> _WHAT YOU NEED TO DO_
From the data below, copy each line that includes the word "text".

[Opening DATA FOR THE TASK section]

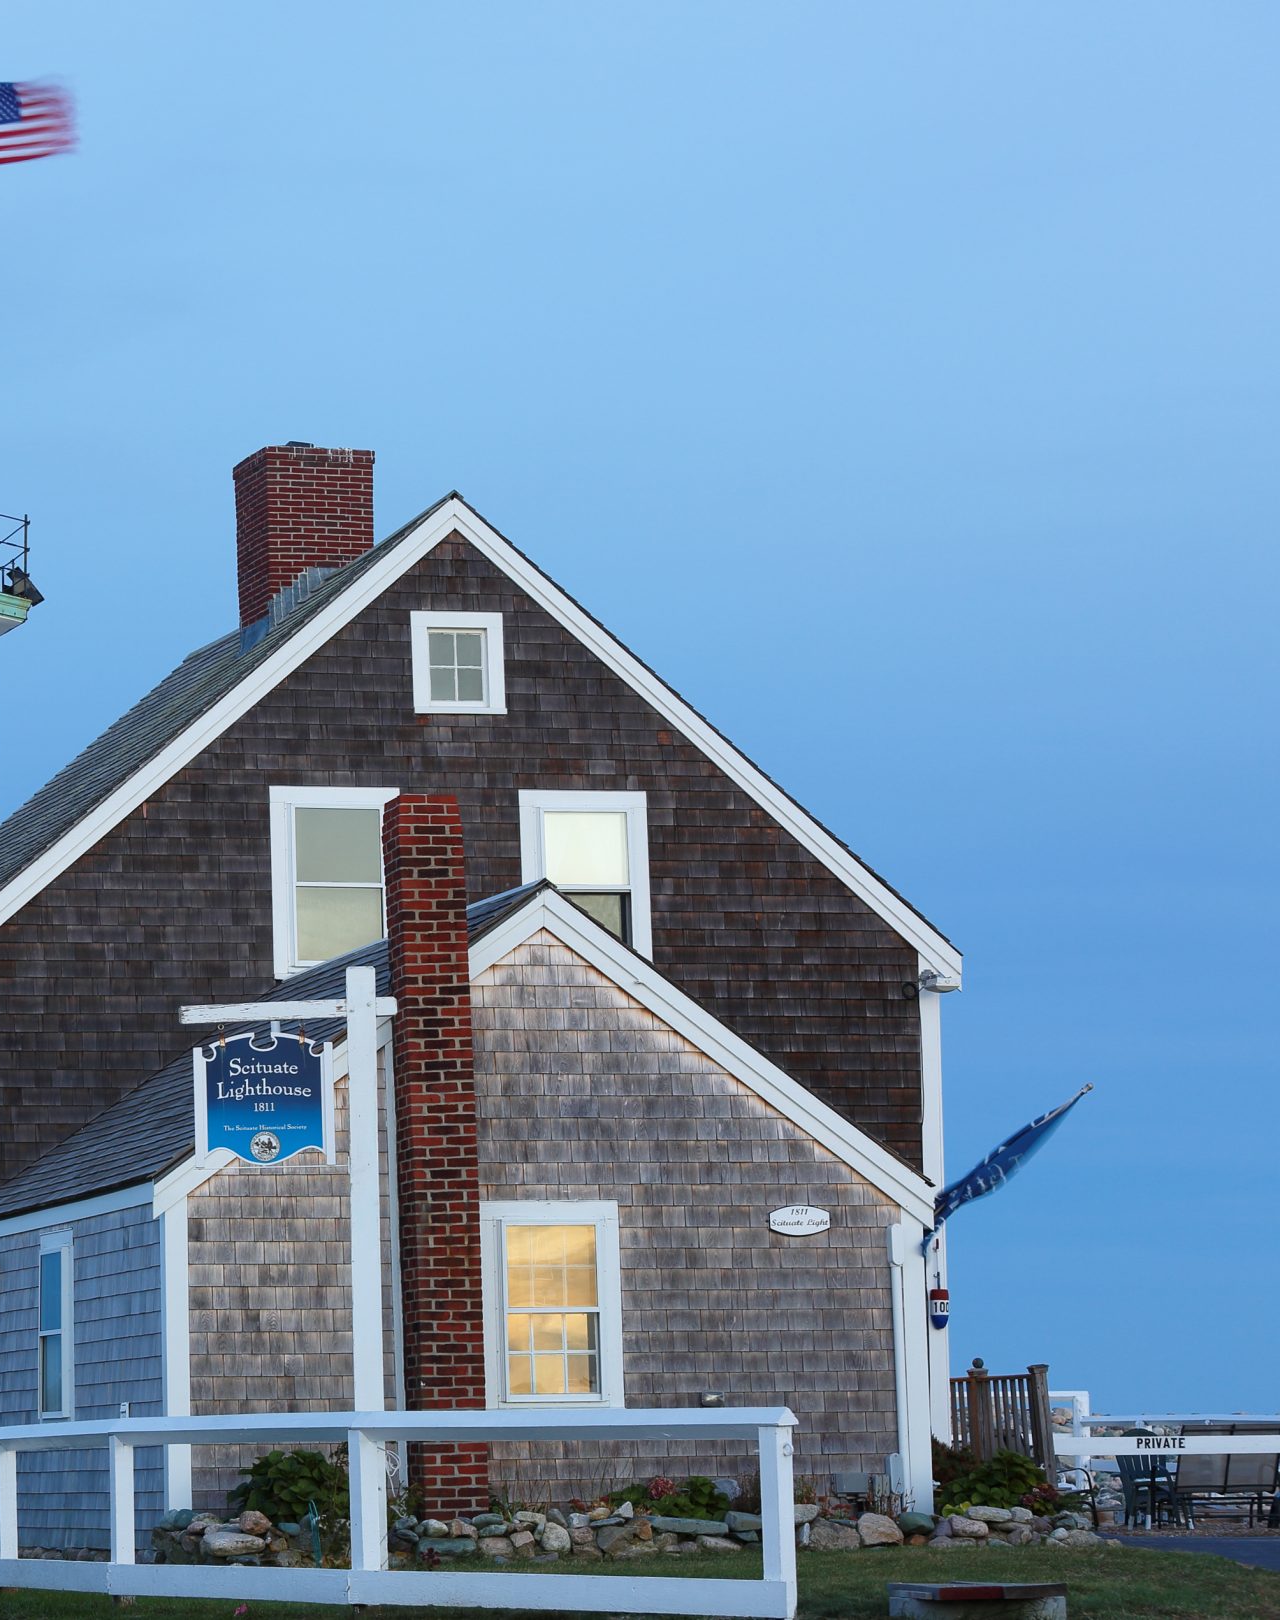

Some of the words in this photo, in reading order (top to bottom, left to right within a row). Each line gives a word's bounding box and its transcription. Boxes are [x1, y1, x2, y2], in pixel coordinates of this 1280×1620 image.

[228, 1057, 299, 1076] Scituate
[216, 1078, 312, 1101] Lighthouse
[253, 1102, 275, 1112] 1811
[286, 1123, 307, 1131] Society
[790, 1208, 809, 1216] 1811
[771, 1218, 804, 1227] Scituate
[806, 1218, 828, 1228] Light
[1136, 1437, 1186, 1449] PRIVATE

[Closing DATA FOR THE TASK section]
[Opening DATA FOR THE TASK section]

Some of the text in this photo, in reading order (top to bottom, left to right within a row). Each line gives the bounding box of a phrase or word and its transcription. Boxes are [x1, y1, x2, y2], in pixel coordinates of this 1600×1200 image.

[Closing DATA FOR THE TASK section]
[Opening DATA FOR THE TASK section]

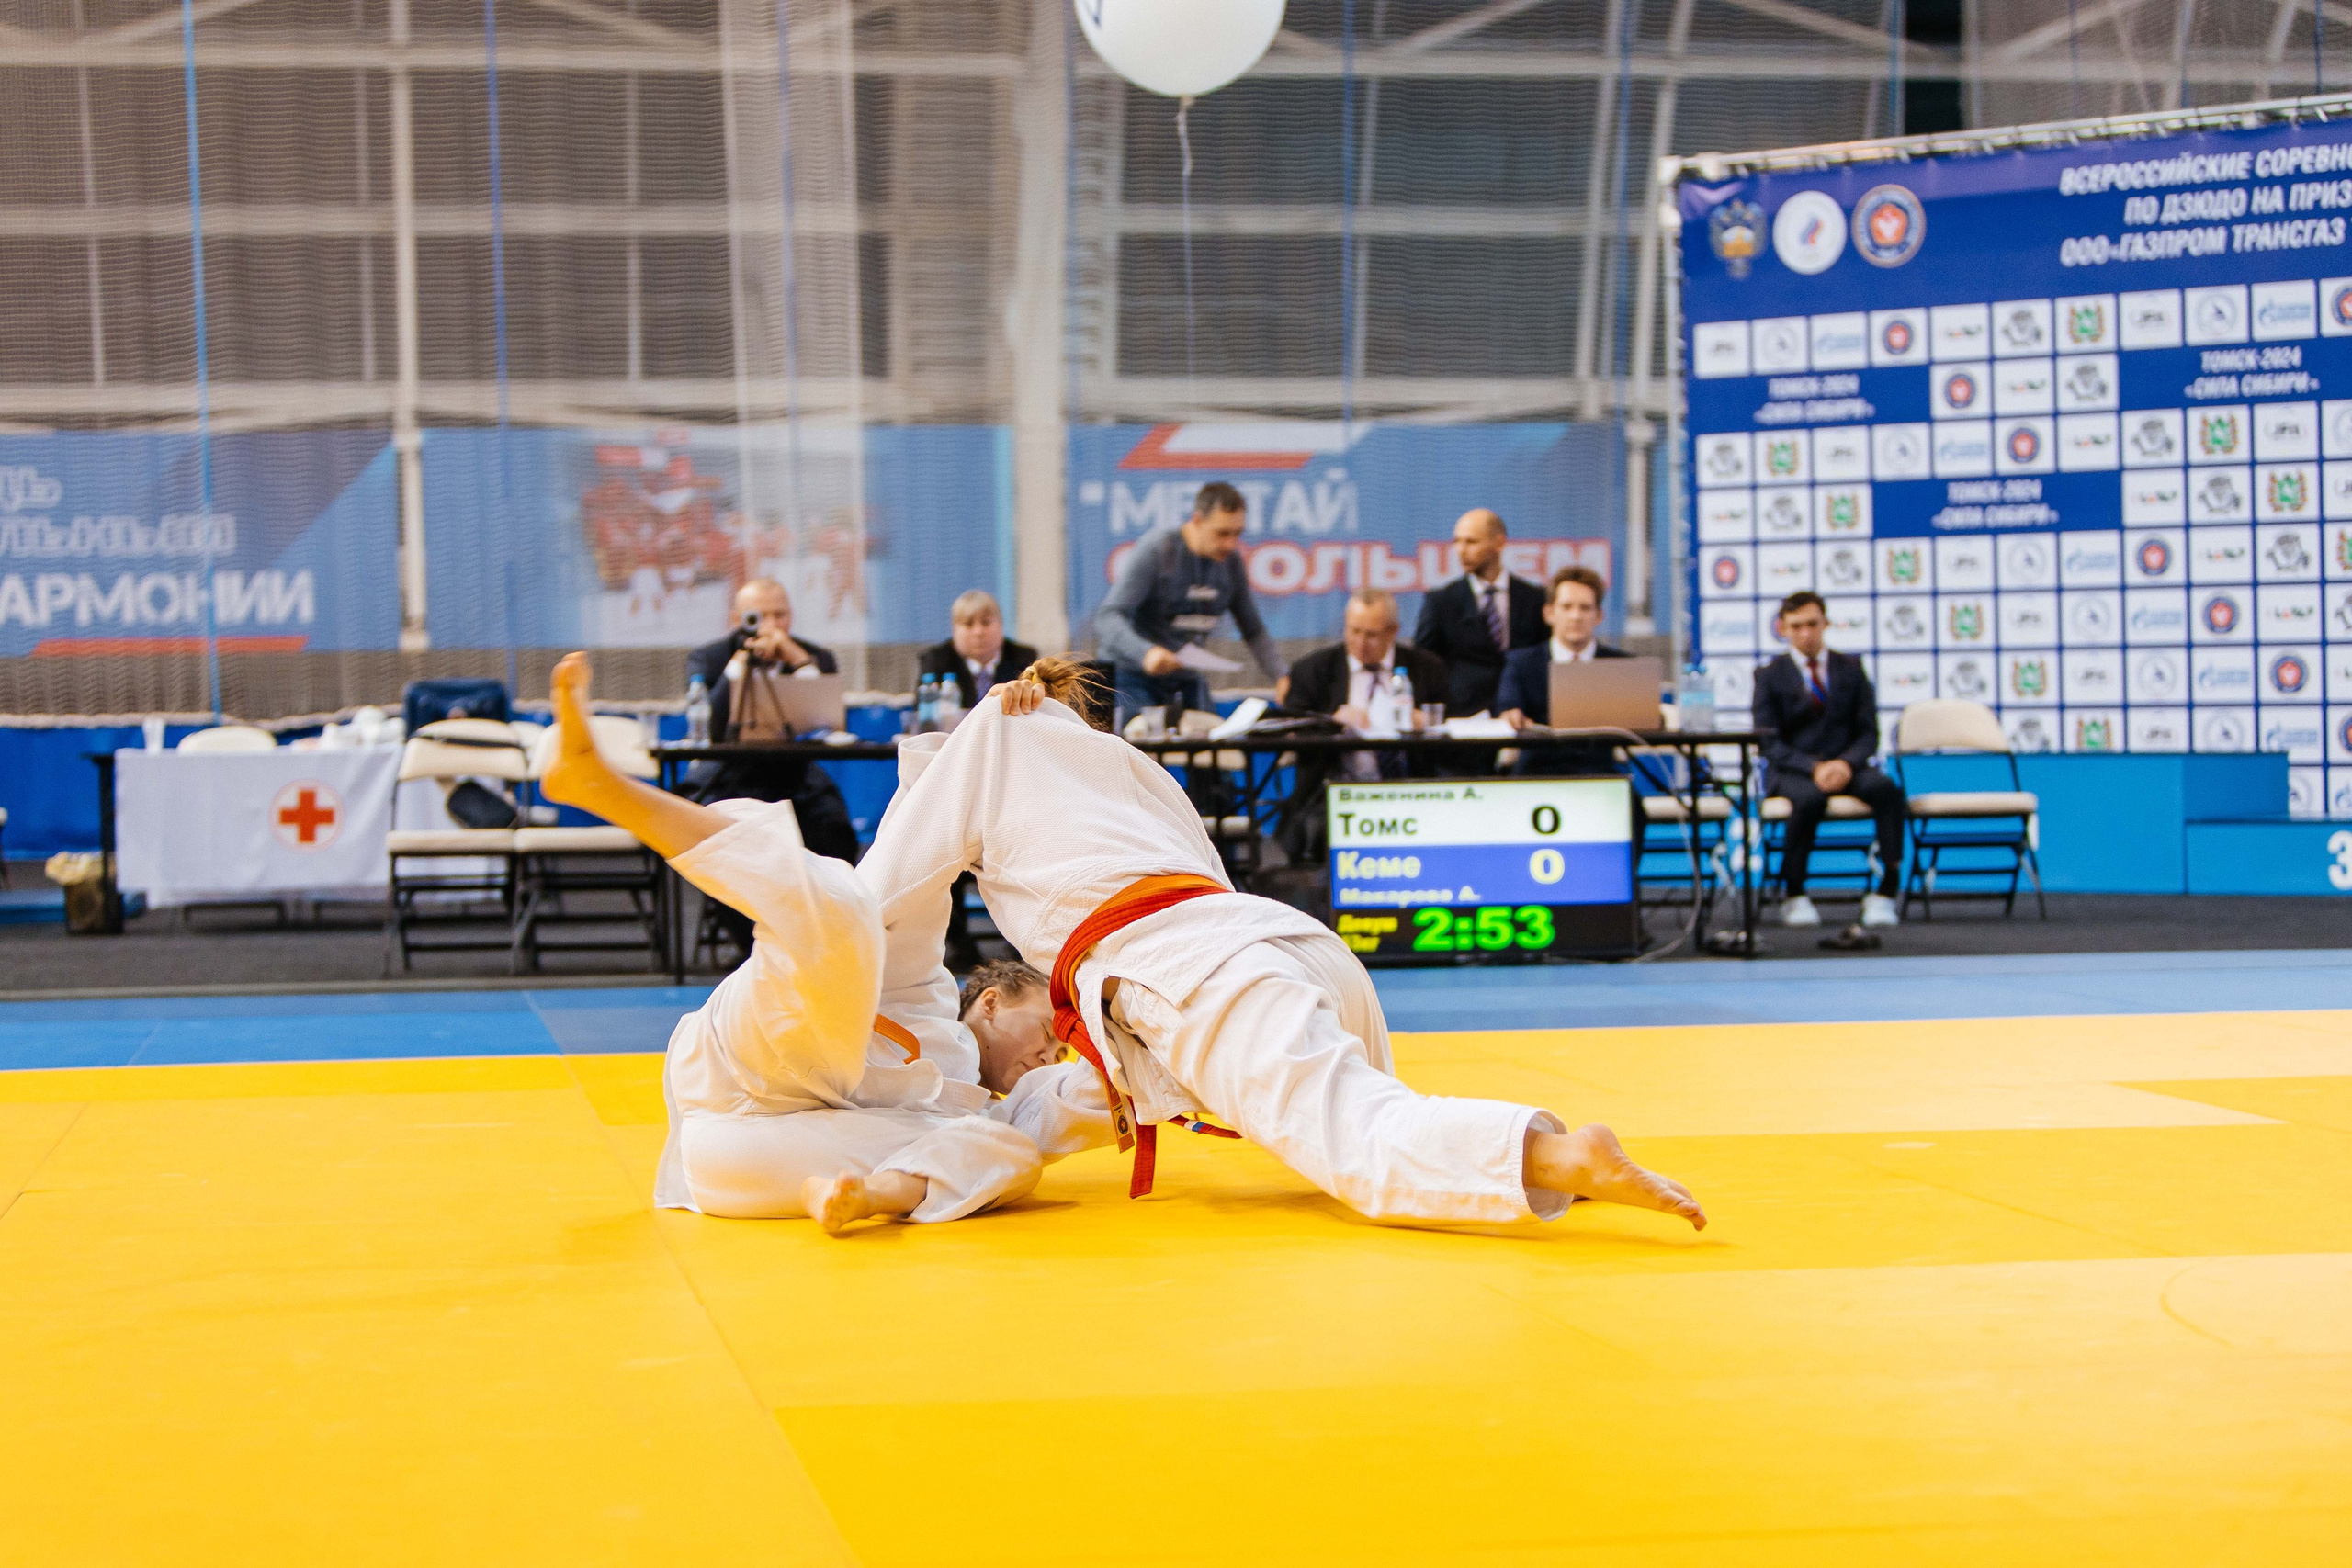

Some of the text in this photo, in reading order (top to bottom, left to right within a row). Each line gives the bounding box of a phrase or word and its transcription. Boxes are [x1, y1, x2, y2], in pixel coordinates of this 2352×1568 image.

[Closing DATA FOR THE TASK section]

> _TASK SOLUTION_
Some of the text in this photo, in reading order (top to bottom, left to right within a row). Each line gives the bounding box of a phrase or word and its transcription. Boxes are [x1, y1, x2, y2], in pixel coordinates of this 1600×1200 image.
Some of the text in this photo, in reading order (top to bottom, left to right within a row). Each line gives the bounding box of a phrase or word and its transcription. Boxes are [x1, y1, x2, y2], in pixel coordinates of this 2352×1568 image.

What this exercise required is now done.